I realized that, while many of the photos I have set aside for this topic are of birds and thus I was trying to space them out, so far I’ve only featured one bird for the topic, so I better start using some of them.

wood stork Mycteria americana shot through car window
This week, our opening image comes from Florida in September 1999, and is the first wood stork (Mycteria americana) photo that I obtained – I hadn’t even seen one on multiple earlier trips, except perhaps at too great a distance to identify. A little trivia: herons and egrets fly with neck retracted, all tucked in, so their shape in the air has a small point to the front with the legs trailing out behind, while wood storks fly with neck fully extended and appear as a cross – makes it easier to differentiate. That, and the black tips and trailing edges of the wings, very distinctive. I may not have known these at the time of this sighting though, so as I said, I might have seen one without being sure of it. Anyway, this one was near the roadside, and I pulled over and shot from the car out the passenger window, which is why there’s a dark grey blur across the bottom of the frame. I don’t recall trying to get out of the car and there are no further slides of it in the file pages, so either I never attempted, or I did and the bird flew off. I’ve known for decades that many species will ignore cars but immediately respond to someone getting out of one, and may simply not have tried. Or traffic might have prevented it. Or I was stupid. I don’t know.

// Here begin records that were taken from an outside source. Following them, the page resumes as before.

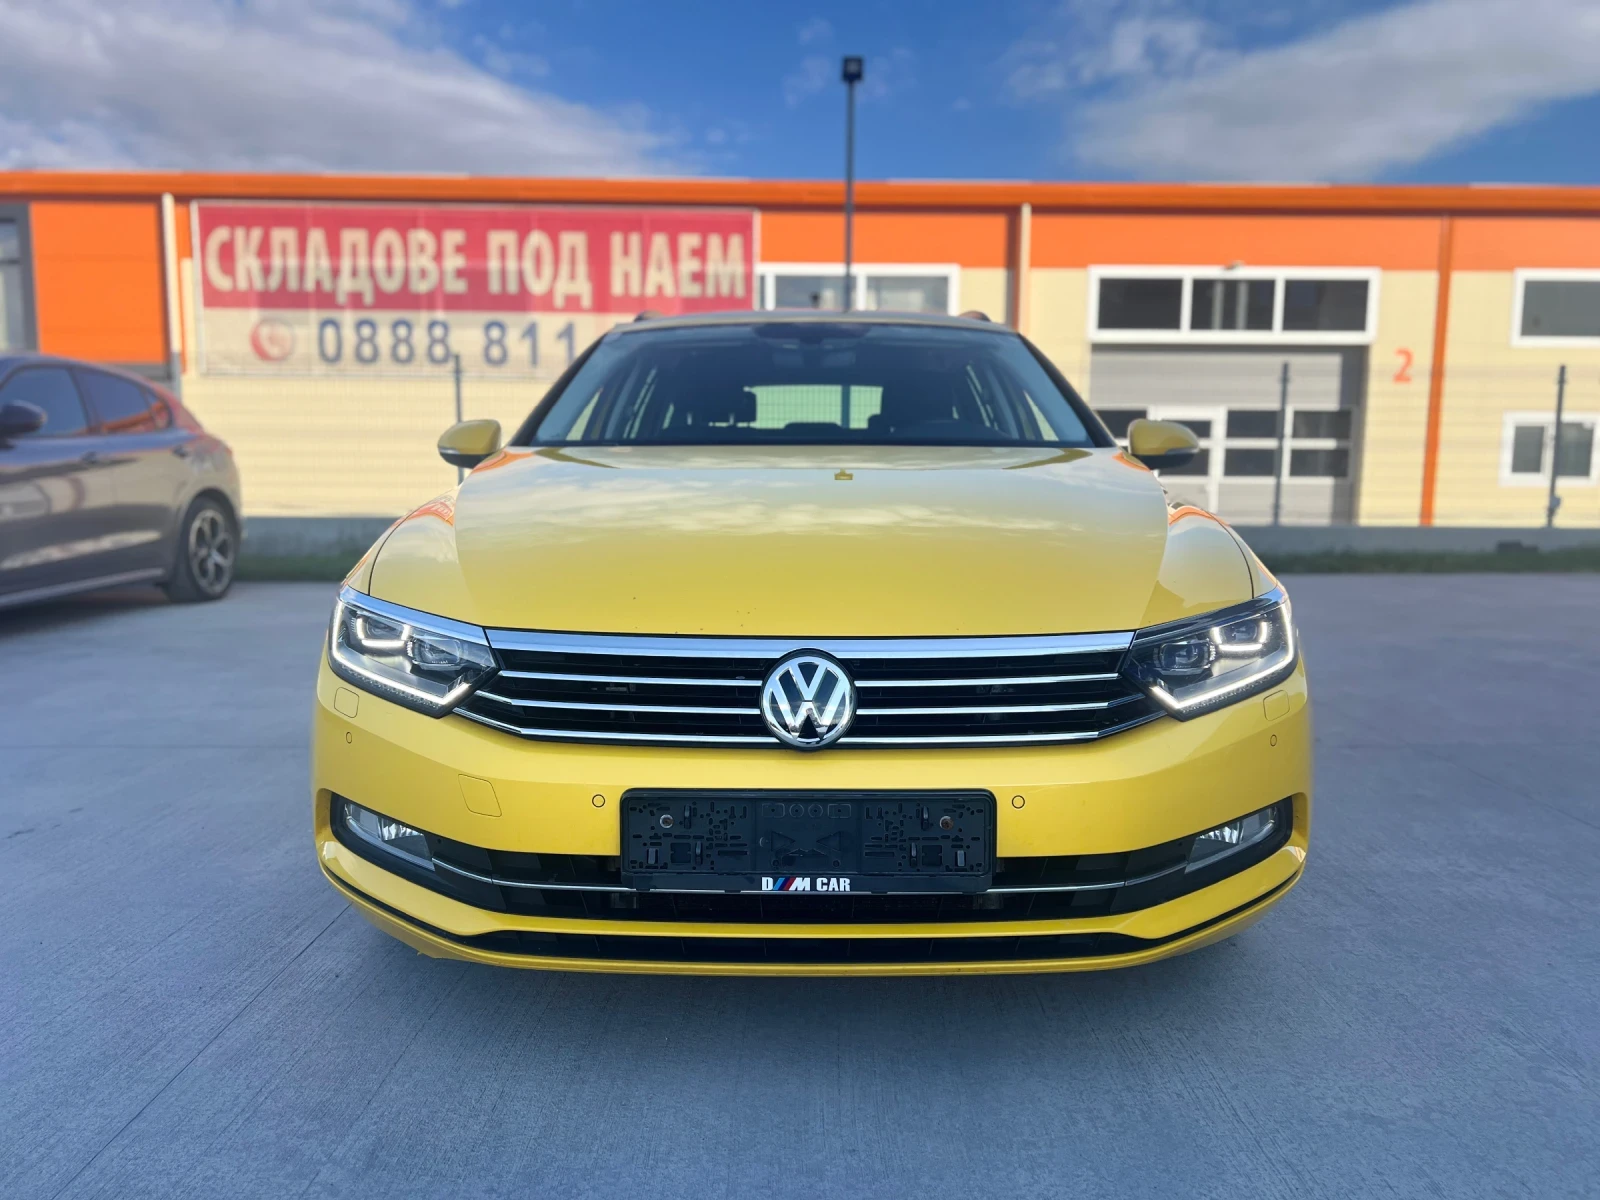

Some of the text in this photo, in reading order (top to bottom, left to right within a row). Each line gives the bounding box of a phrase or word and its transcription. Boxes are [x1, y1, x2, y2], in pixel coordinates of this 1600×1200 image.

[204, 226, 746, 309] СКЛАДОВЕ ПОД НАЕМ
[318, 318, 450, 364] 0888
[1392, 347, 1414, 384] 2
[816, 877, 851, 892] CAR
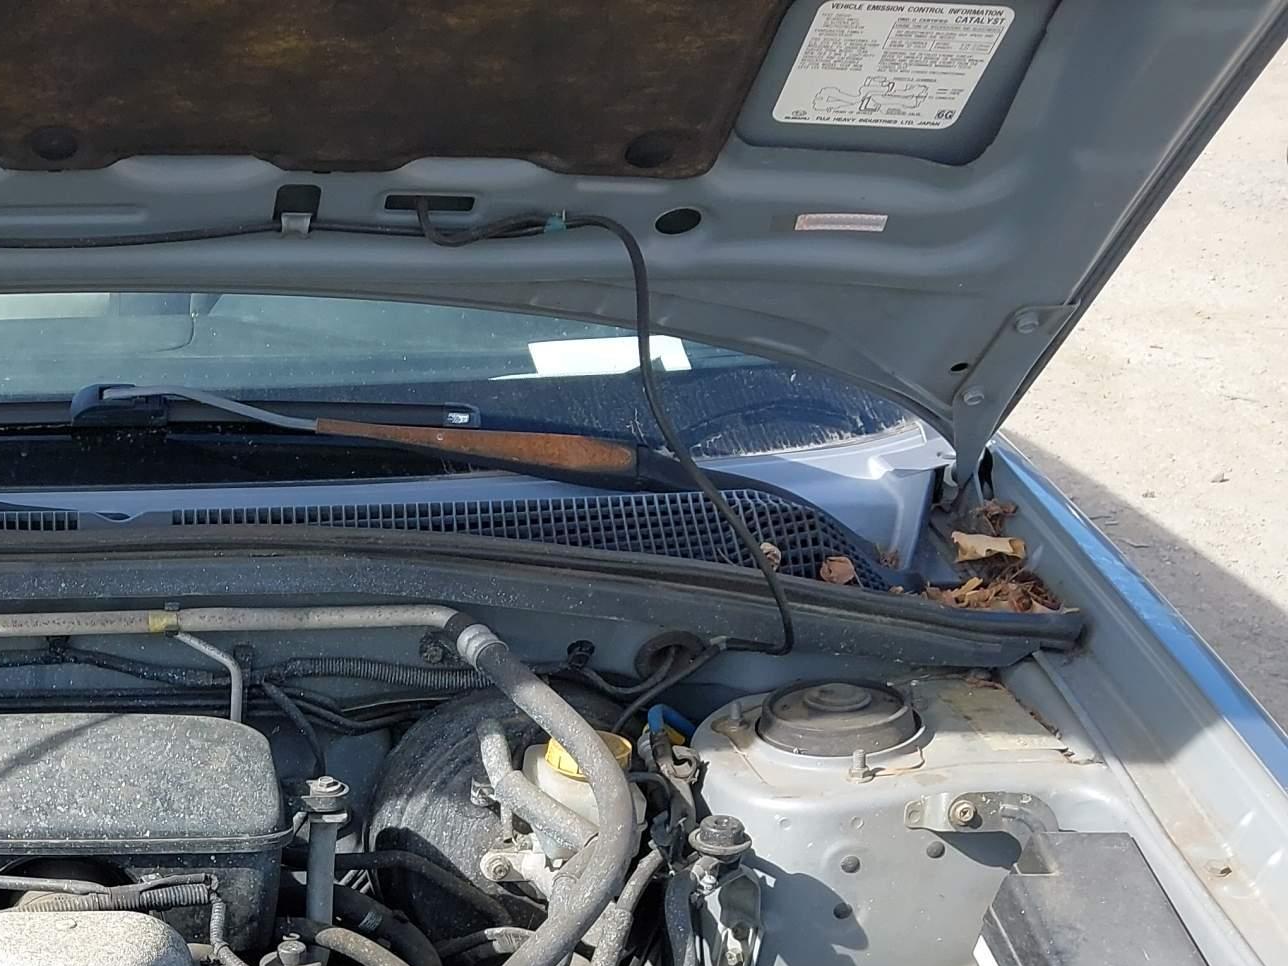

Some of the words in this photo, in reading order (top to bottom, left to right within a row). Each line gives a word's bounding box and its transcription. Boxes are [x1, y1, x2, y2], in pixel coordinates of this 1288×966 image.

[866, 4, 905, 12] EMISSION
[907, 6, 945, 14] CONTROL
[948, 8, 1004, 16] INFORMATION
[954, 16, 1006, 25] CATALYST
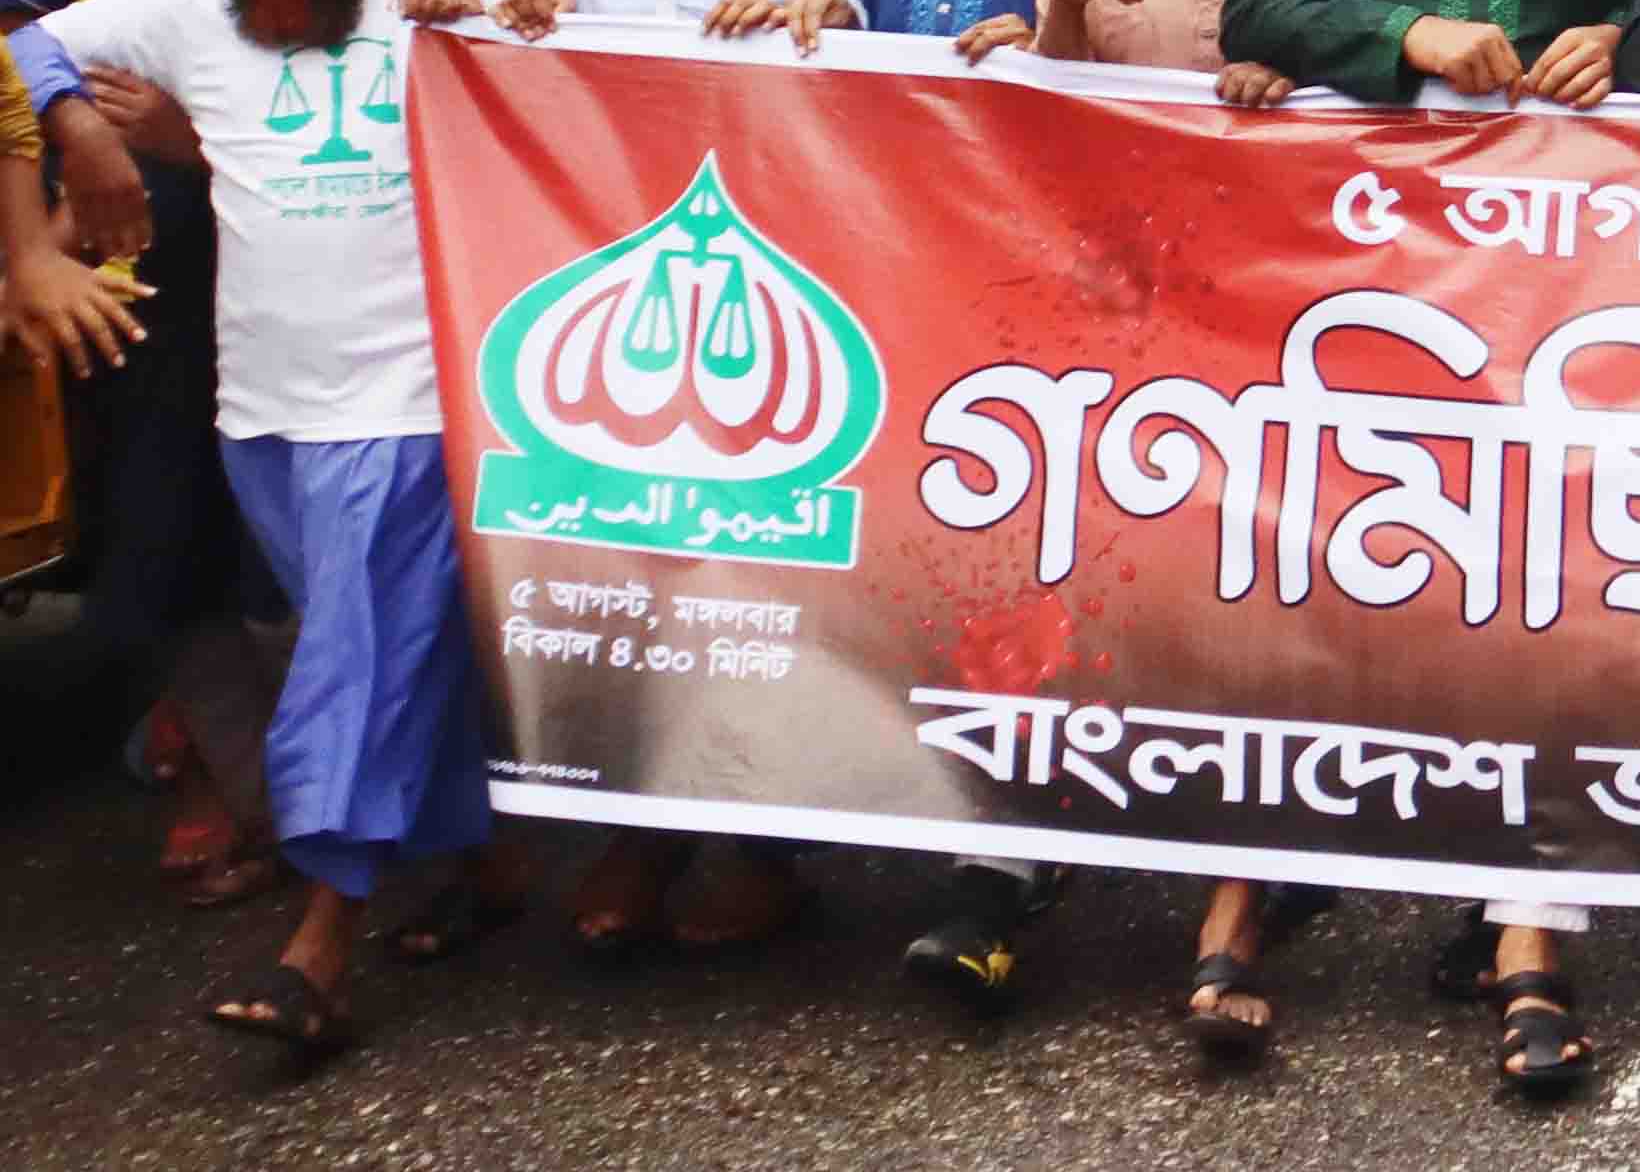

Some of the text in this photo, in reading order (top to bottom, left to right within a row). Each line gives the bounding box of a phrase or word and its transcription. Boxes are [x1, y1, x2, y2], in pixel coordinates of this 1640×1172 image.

Anyway, we now jump ahead nineteen years, to a trip to Jekyll Island, Georgia.

wood stork Mycteria americana in surf on Jekyll Island Georgia
Quite a bit closer now, and much more detailed, plus I have a whole gallery of images just of this individual alone. Little credit to the equipment; the first was probably shot with the Canon 75-300, the basic non-stabilized model, while the second was shot with the Canon 100-300 L, also unstabilized, but optically superior. The primary difference was just the opportunity: in Georgia, I was in an area where the stork knew it could snag easy meals from the surf conditions (and also possibly from the fisherfolk who were there for the same reason,) and so the birds were accustomed to closer encounters because of their greed, gluttony, sloth, and probably a few other deadly sins that nonetheless helped them survive quite well – funny that.

Yet, I like the color register of the first image far more, and I’m putting this down to the coloration of the individual rather than the difference between slide film and digital image. Just have to keep trying to get a combination of the detail of the latter and the colors of the former, I guess. And that means more trips south, because the species doesn’t appear here in central NC. But then again, I need little motivation to go further south – mostly just the opportunity.